**Your instructions**
A word-for-word reproduction of the data below is needed, with no pictures in it.

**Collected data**
◇ ◇ ◇ ◇ ◇ ◇ ◇
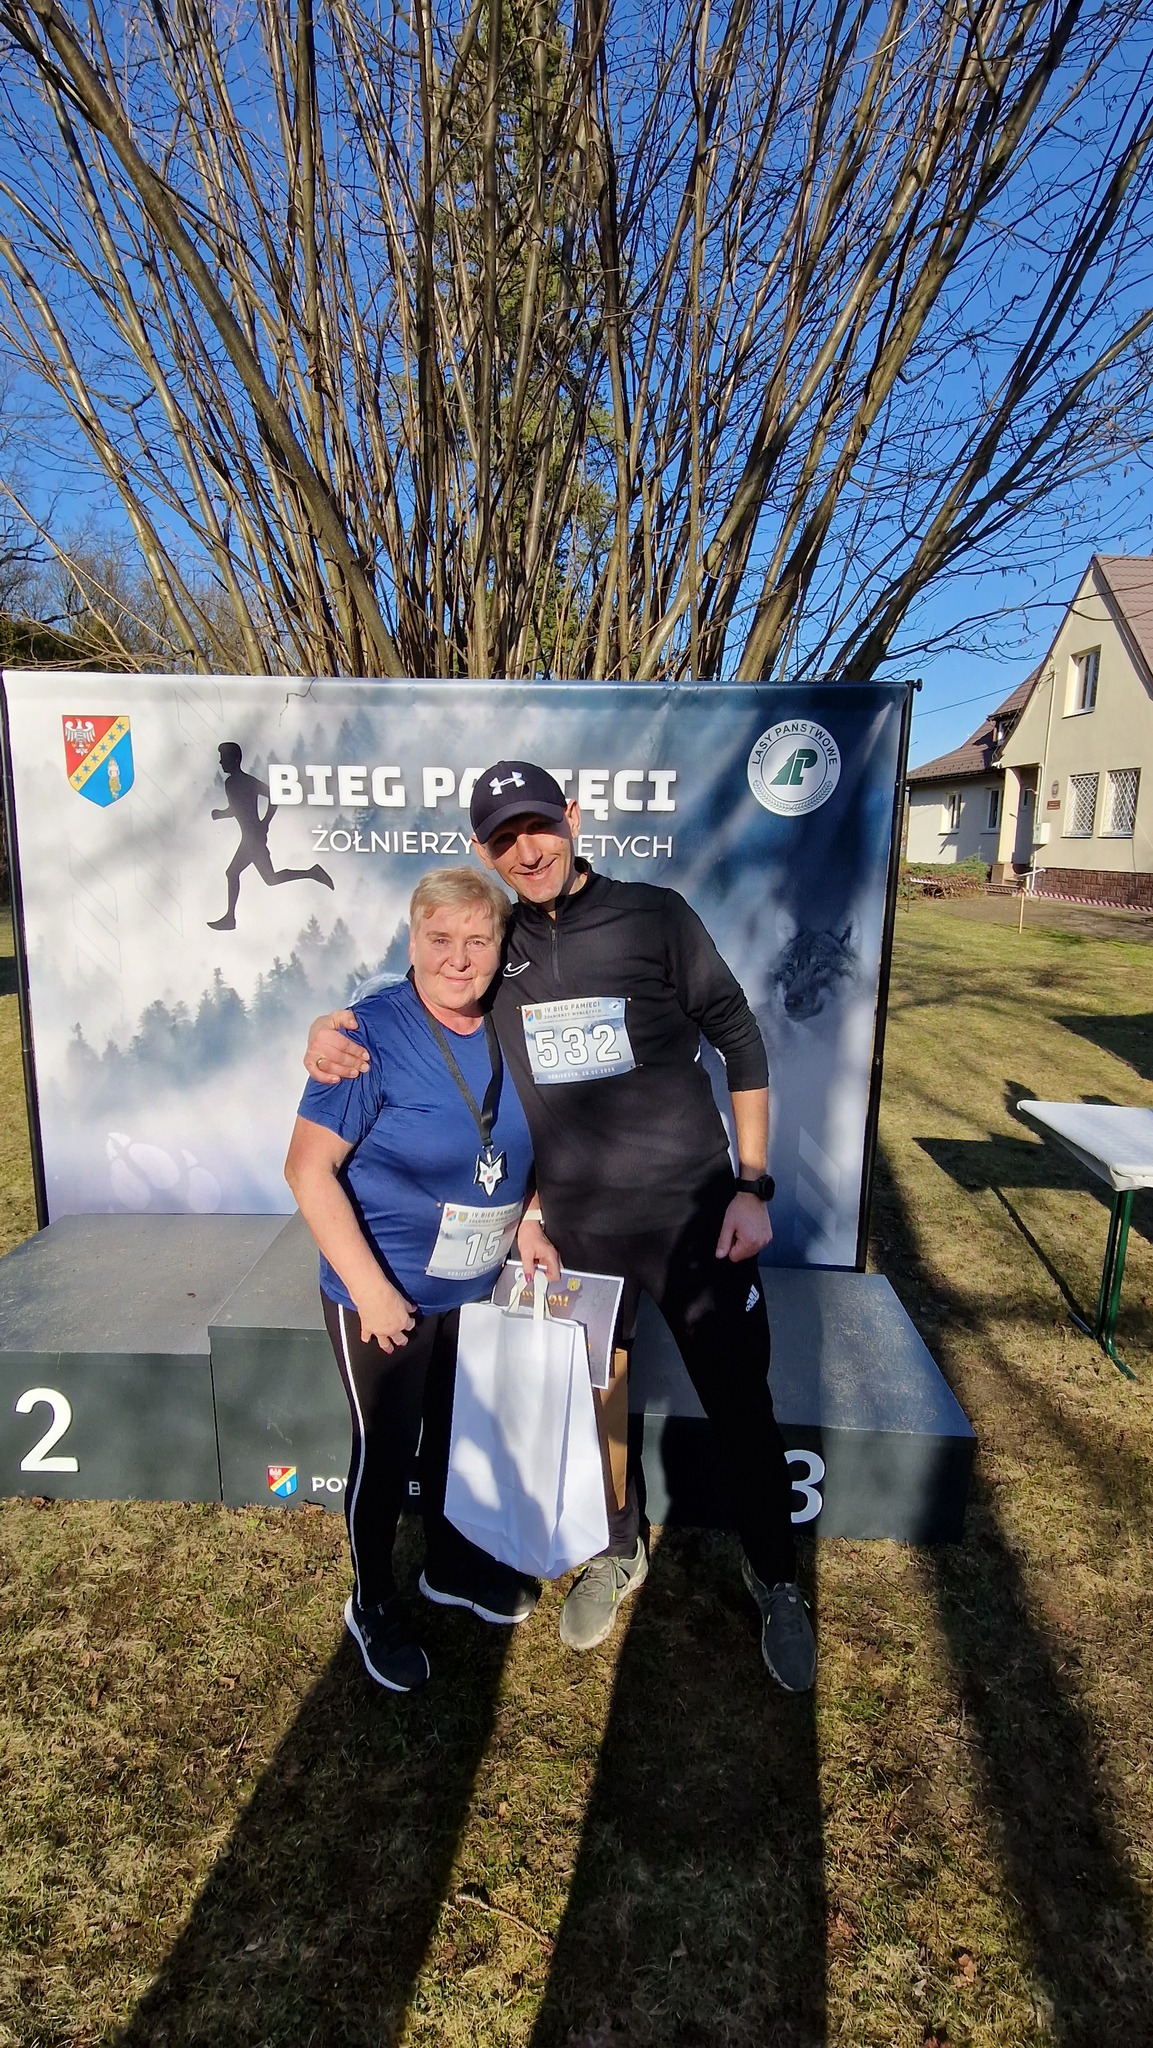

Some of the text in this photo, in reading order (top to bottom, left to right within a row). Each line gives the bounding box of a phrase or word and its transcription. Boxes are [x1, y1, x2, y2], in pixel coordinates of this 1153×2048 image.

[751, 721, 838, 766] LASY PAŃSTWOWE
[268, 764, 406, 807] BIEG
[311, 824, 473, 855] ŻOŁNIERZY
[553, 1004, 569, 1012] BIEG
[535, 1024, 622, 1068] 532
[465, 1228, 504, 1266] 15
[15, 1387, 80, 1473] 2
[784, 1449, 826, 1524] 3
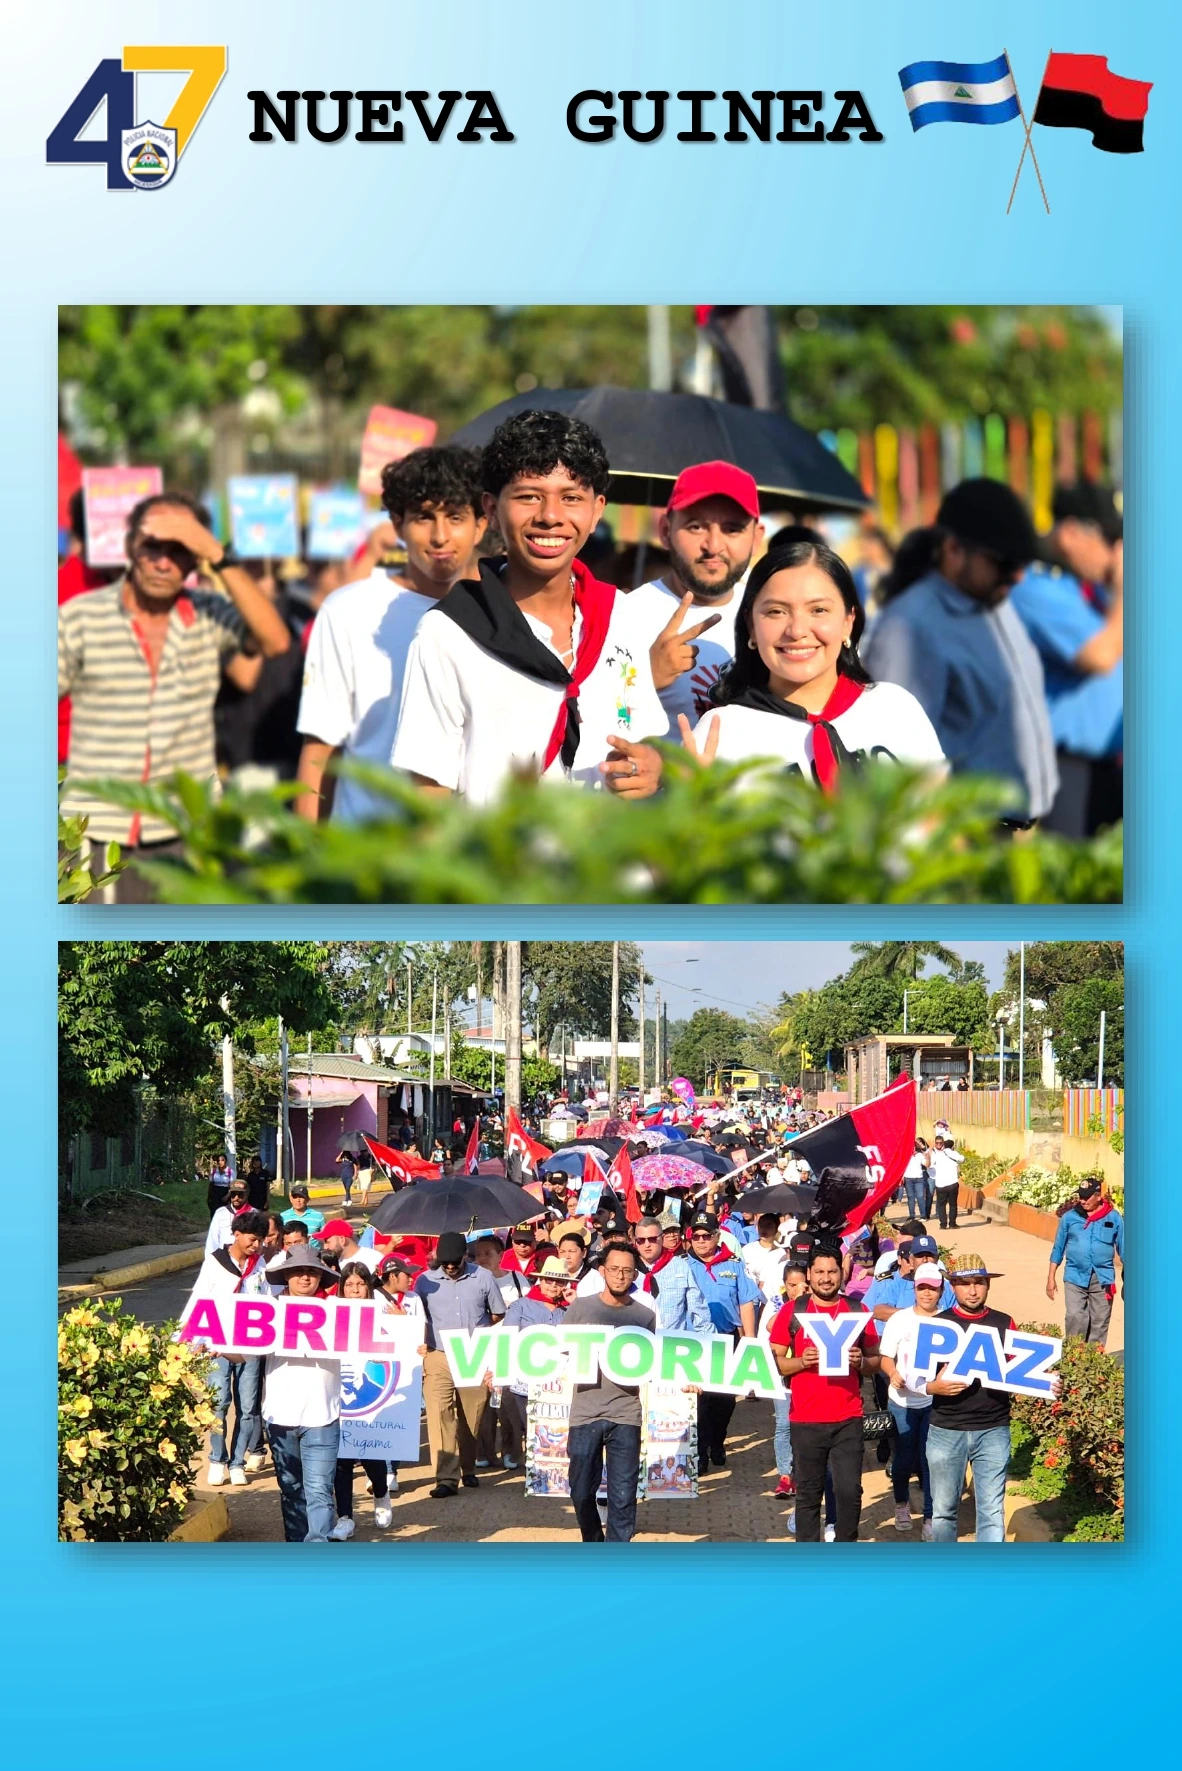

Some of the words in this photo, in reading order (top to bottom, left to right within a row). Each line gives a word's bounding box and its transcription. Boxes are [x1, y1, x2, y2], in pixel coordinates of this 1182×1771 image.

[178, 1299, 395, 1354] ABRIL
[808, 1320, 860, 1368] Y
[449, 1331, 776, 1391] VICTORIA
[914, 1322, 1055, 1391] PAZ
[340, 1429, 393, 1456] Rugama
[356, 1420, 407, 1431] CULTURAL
◇ ◇ ◇ ◇ ◇ ◇ ◇
**Answer area**
Some of the text in this photo, in reading order (top to bottom, left to right within a row). Each line gives the bounding box of a phrase or word and its transcription. Boxes are [x1, y1, x2, y2], in pixel coordinates of this 1153×2048 image.

[751, 721, 838, 766] LASY PAŃSTWOWE
[268, 764, 406, 807] BIEG
[311, 824, 473, 855] ŻOŁNIERZY
[553, 1004, 569, 1012] BIEG
[535, 1024, 622, 1068] 532
[465, 1228, 504, 1266] 15
[15, 1387, 80, 1473] 2
[784, 1449, 826, 1524] 3

Some of the words in this photo, in reading order (top to bottom, left to right within a row). Each line gives a word's bounding box and its transcription. Boxes are [x1, y1, x2, y2], in pixel coordinates of this 1182×1771 image.

[178, 1299, 395, 1354] ABRIL
[808, 1320, 860, 1368] Y
[449, 1331, 776, 1391] VICTORIA
[914, 1322, 1055, 1391] PAZ
[340, 1429, 393, 1456] Rugama
[356, 1420, 407, 1431] CULTURAL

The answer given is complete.